A época da vida em que gostamos de ficar velhos é quando somos novos.

Quando temos menos de 10 anos, estamos tão entusiasmado em envelhecer que pensamos em frações.
– Quantos anos tens?
– Tenho quatro e meio!
Temos quatro e meio, quase cinco! Esta é a chave do desejo de crescer.

Porém, nunca teremos trinta e seis e meio.

Quando chegamos à adolescência, ninguém mais nos segura. Saltamos para um número próximo, ou mesmo alguns à frente.
– Quantos anos tens?
– Vou fazer 16!
Podemos ter 13, mas… «vou fazer 16»!

E chega o maior dia da nossa vida... Completamos 18 anos. Até as palavras soam como uma cerimónia.

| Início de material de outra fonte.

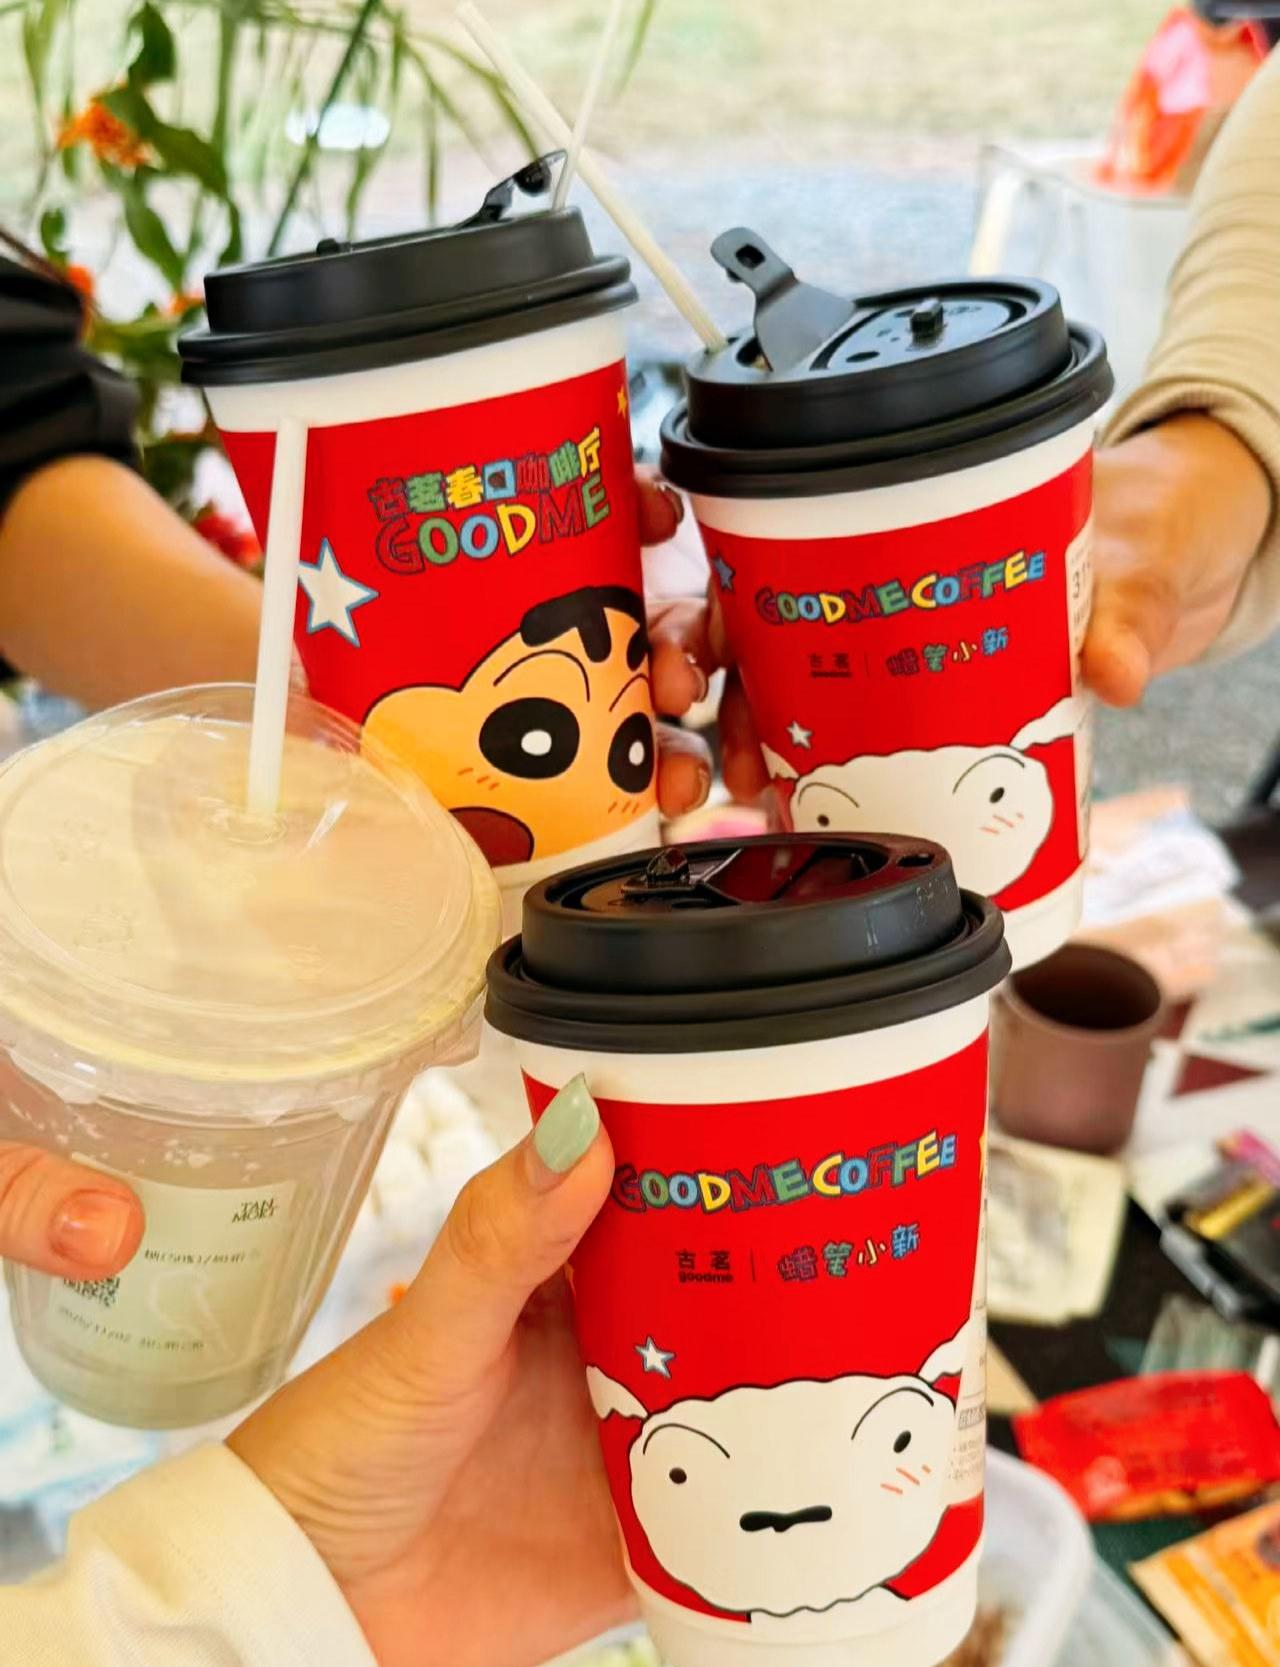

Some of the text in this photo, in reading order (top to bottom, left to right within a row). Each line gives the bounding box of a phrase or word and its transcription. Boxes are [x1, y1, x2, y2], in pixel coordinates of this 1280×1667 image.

[375, 472, 611, 575] GOODME
[778, 1223, 921, 1281] 蜡笔小新

Mas, então, chegamos depressa aos 30. E contar o tempo deixou de ter graça. O que está errado? O que mudou? Nada, mas já se sentem os 40 «a empurrar».

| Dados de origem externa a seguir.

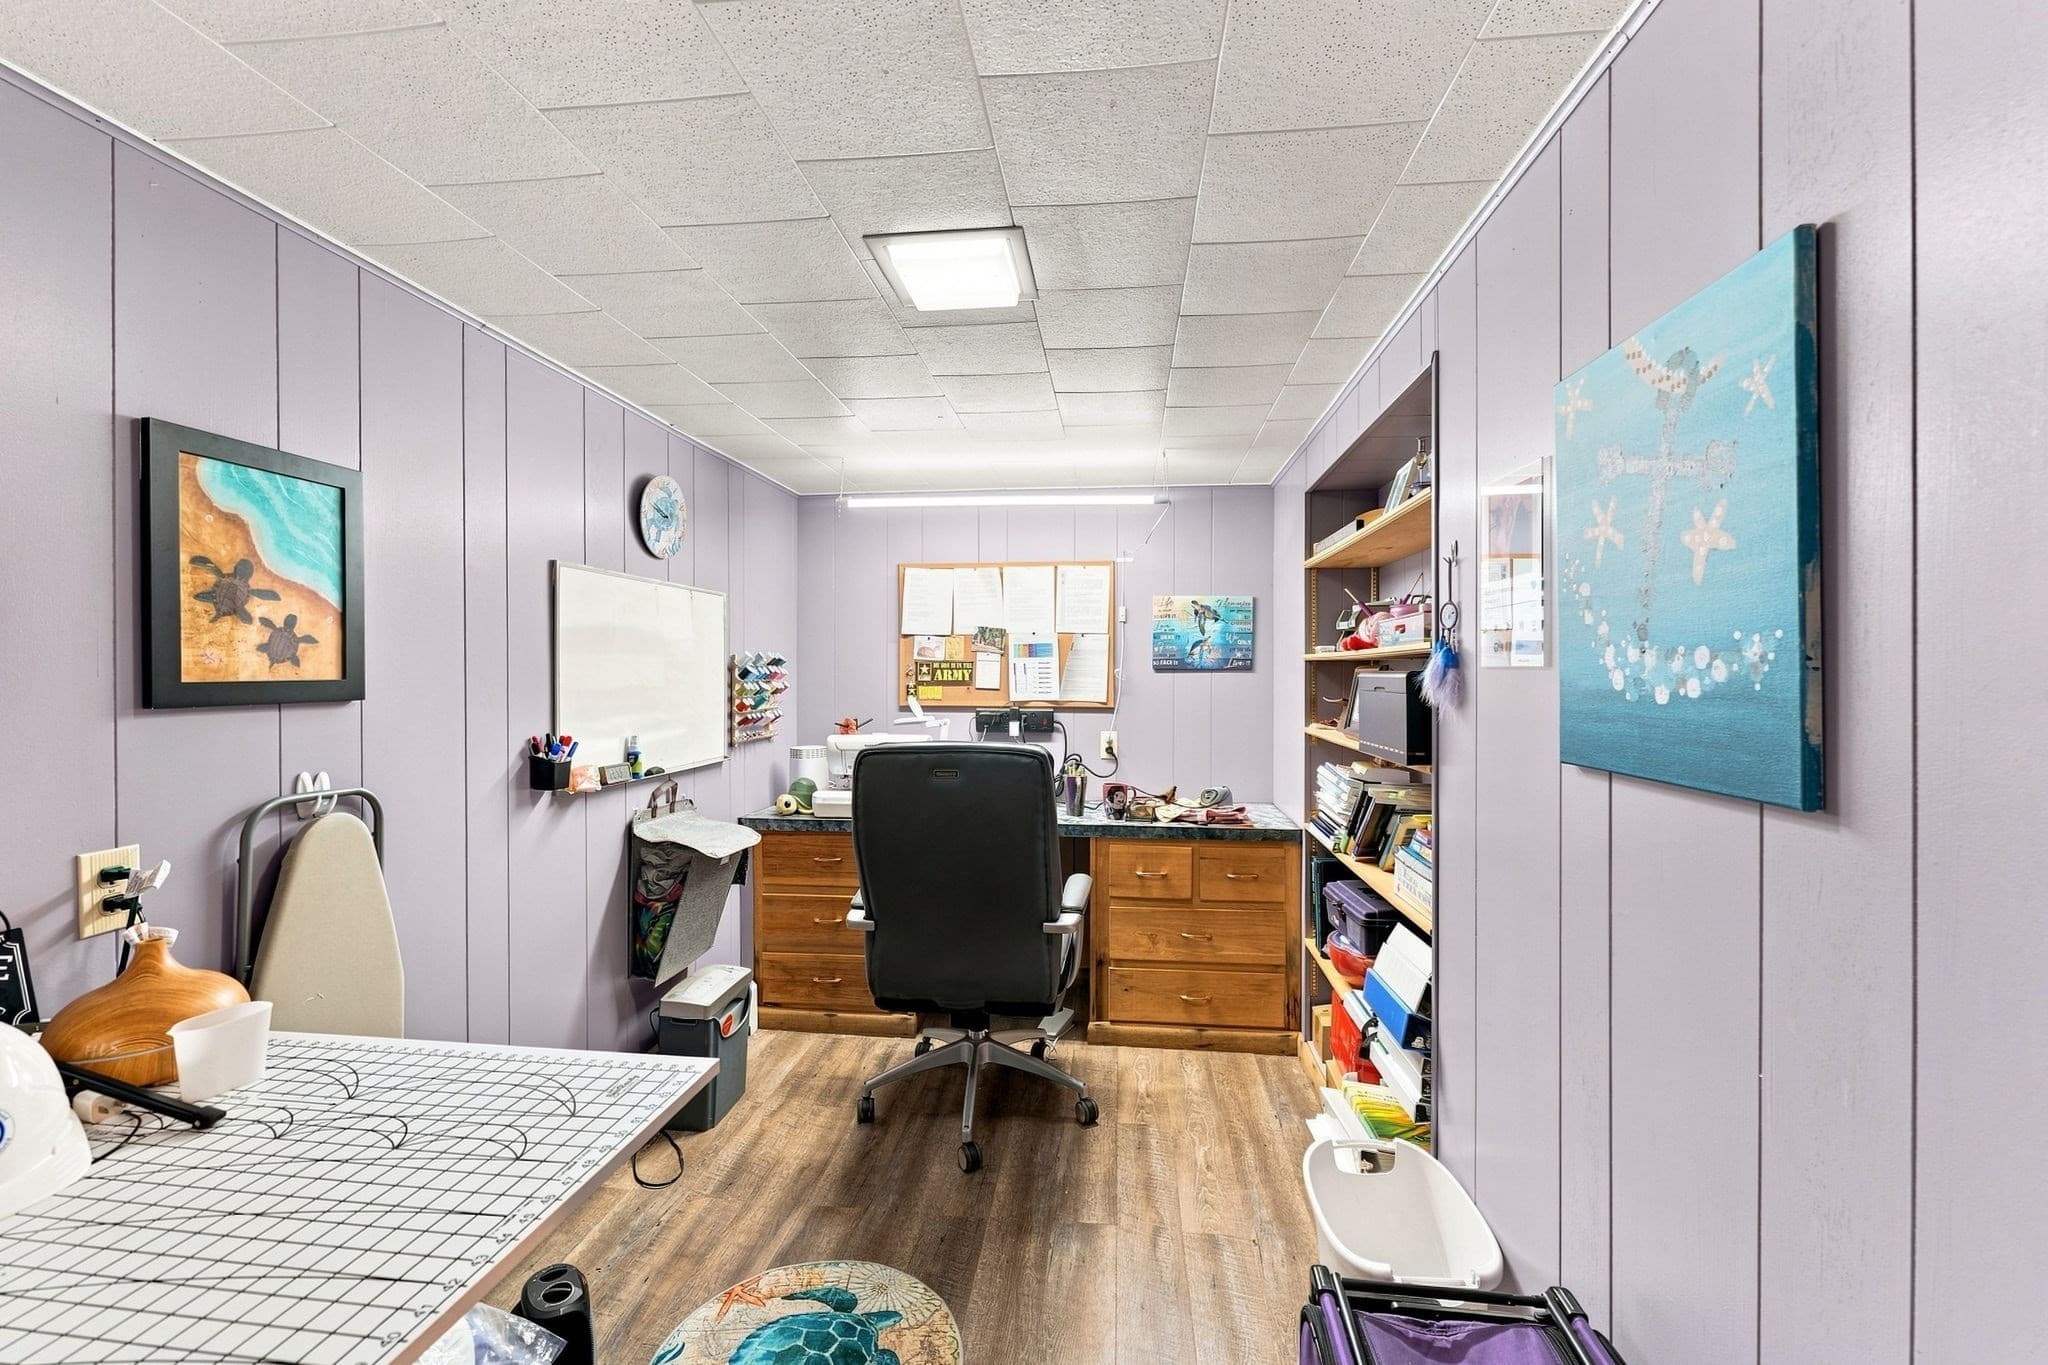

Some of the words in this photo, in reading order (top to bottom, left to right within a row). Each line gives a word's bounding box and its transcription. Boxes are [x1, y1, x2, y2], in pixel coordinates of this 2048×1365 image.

[933, 669, 973, 681] ARMY
[496, 1233, 513, 1245] 44
[471, 1254, 490, 1267] 43
[443, 1277, 463, 1292] 42
[414, 1304, 434, 1318] 41
[381, 1331, 402, 1348] 40

Catrapus, antes que nos demos conta, chegamos aos 50 e os nossos sonhos foram-se. Mas, espera!, fizemos 60 e nem sequer pensávamos que conseguiríamos!

O correr do tempo atinge tal velocidade que bate nos 70! Depois disso, é um dia após o outro… 

Se conseguimos chegar aos 80, cada dia é um ciclo completo: acordei; alcancei o almoço; passei a hora do lanche; cheguei à hora de deitar.

E se não acabamos nos 90, cada ano começamos a voltar atrás: “Eu tinha exatamente 92 anos...” 

Pelos 100, acontece uma coisa estranha: voltamos a ser crianças outra vez: «Eu tenho 100 e meio.»

Que todos cheguem a uns saudáveis 100 e meio!